### Work order:
I need the entries printed again word for word, without the images.

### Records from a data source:
◇ ◇ ◇
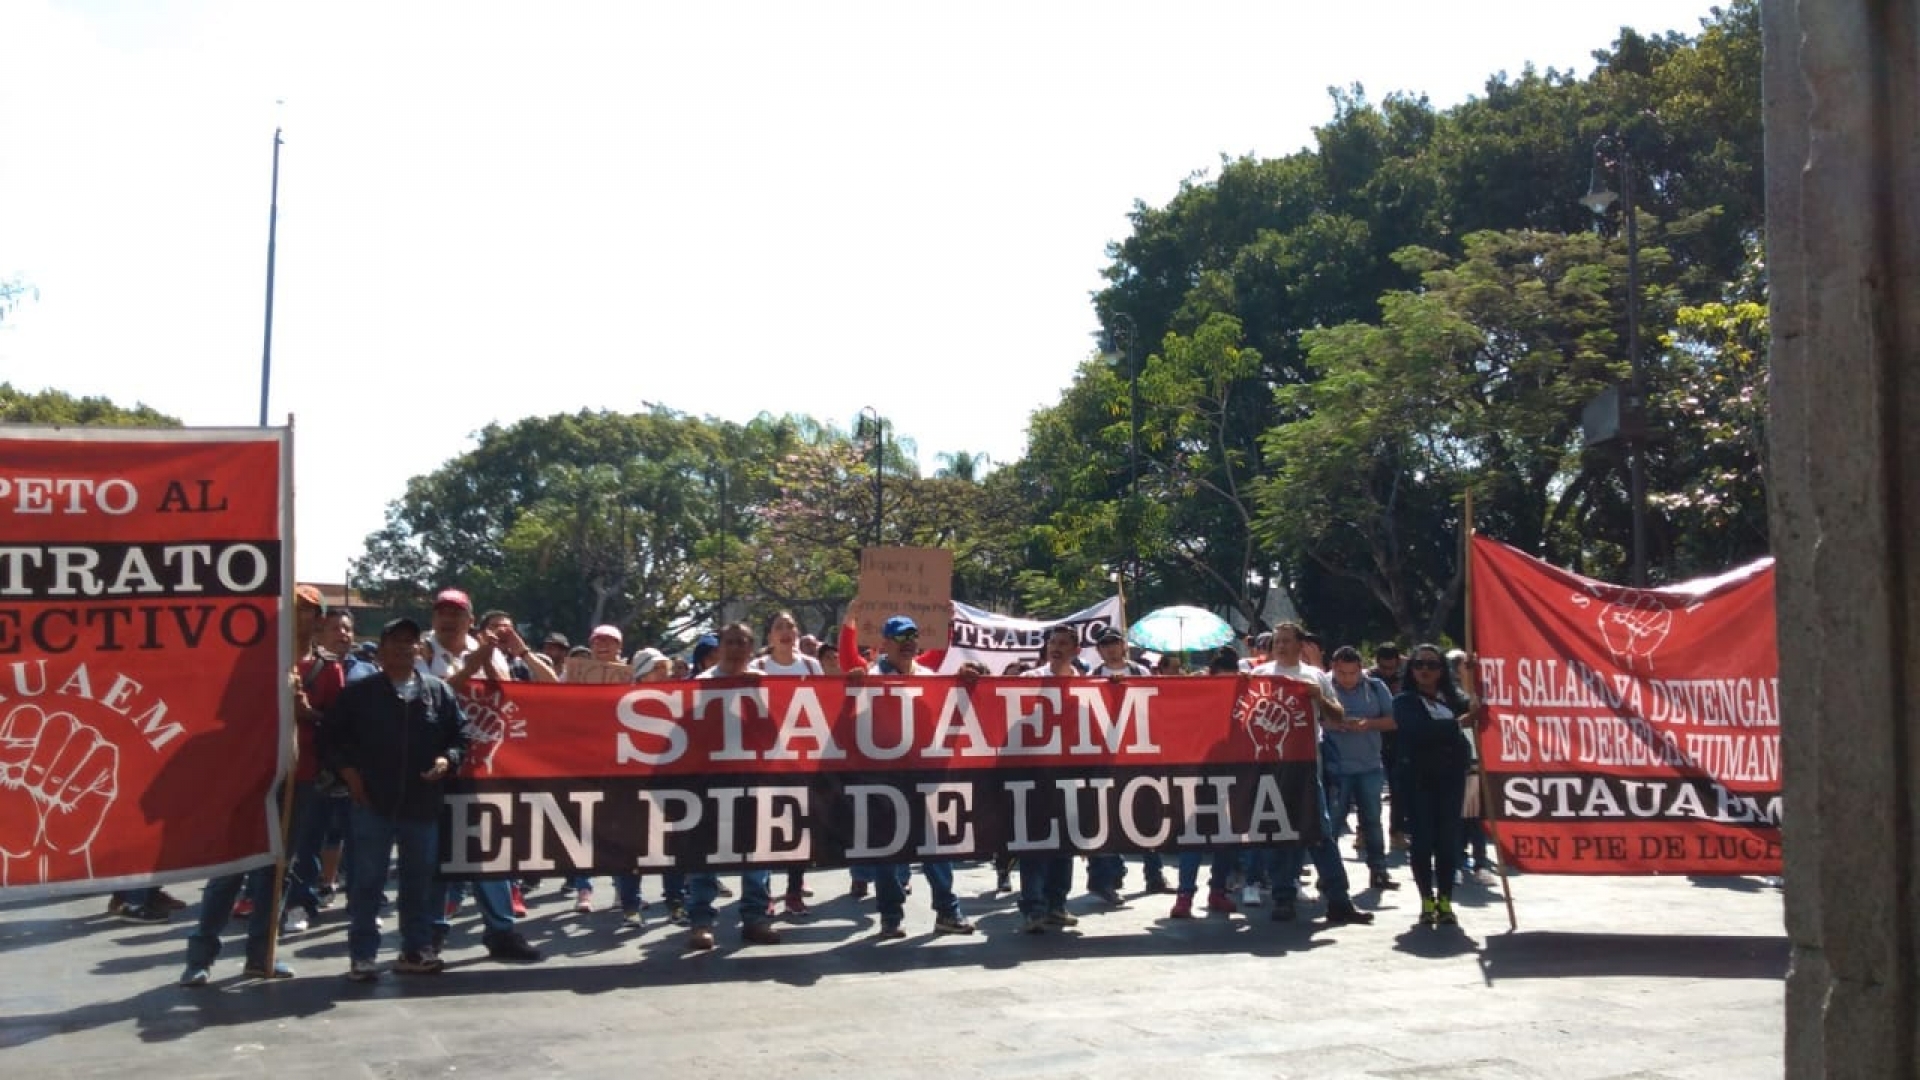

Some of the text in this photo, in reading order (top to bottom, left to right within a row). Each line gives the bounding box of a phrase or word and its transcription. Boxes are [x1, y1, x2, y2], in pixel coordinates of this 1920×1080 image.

[156, 480, 228, 512] AL
[0, 543, 269, 597] TRATO
[0, 659, 188, 753] UAEM
[1479, 658, 1513, 706] EL
[615, 686, 1161, 766] STAUAEM
[1498, 713, 1532, 763] ES
[1536, 716, 1572, 763] UN
[440, 773, 1300, 874] EN PIE DE LUCHA
[1512, 835, 1560, 860] EN
[1571, 835, 1627, 861] PIE
[1639, 836, 1686, 861] DE
◇ ◇ ◇
### Response to the task:
Some of the text in this photo, in reading order (top to bottom, left to right within a row). Each line gives the bounding box of a phrase or word and its transcription. Boxes are [x1, y1, x2, y2], in pixel coordinates of this 1920×1080 image.

[156, 480, 228, 512] AL
[0, 543, 269, 597] TRATO
[0, 659, 188, 753] UAEM
[1479, 658, 1513, 706] EL
[615, 686, 1161, 766] STAUAEM
[1498, 713, 1532, 763] ES
[1536, 716, 1572, 763] UN
[440, 773, 1300, 874] EN PIE DE LUCHA
[1512, 835, 1560, 860] EN
[1571, 835, 1627, 861] PIE
[1639, 836, 1686, 861] DE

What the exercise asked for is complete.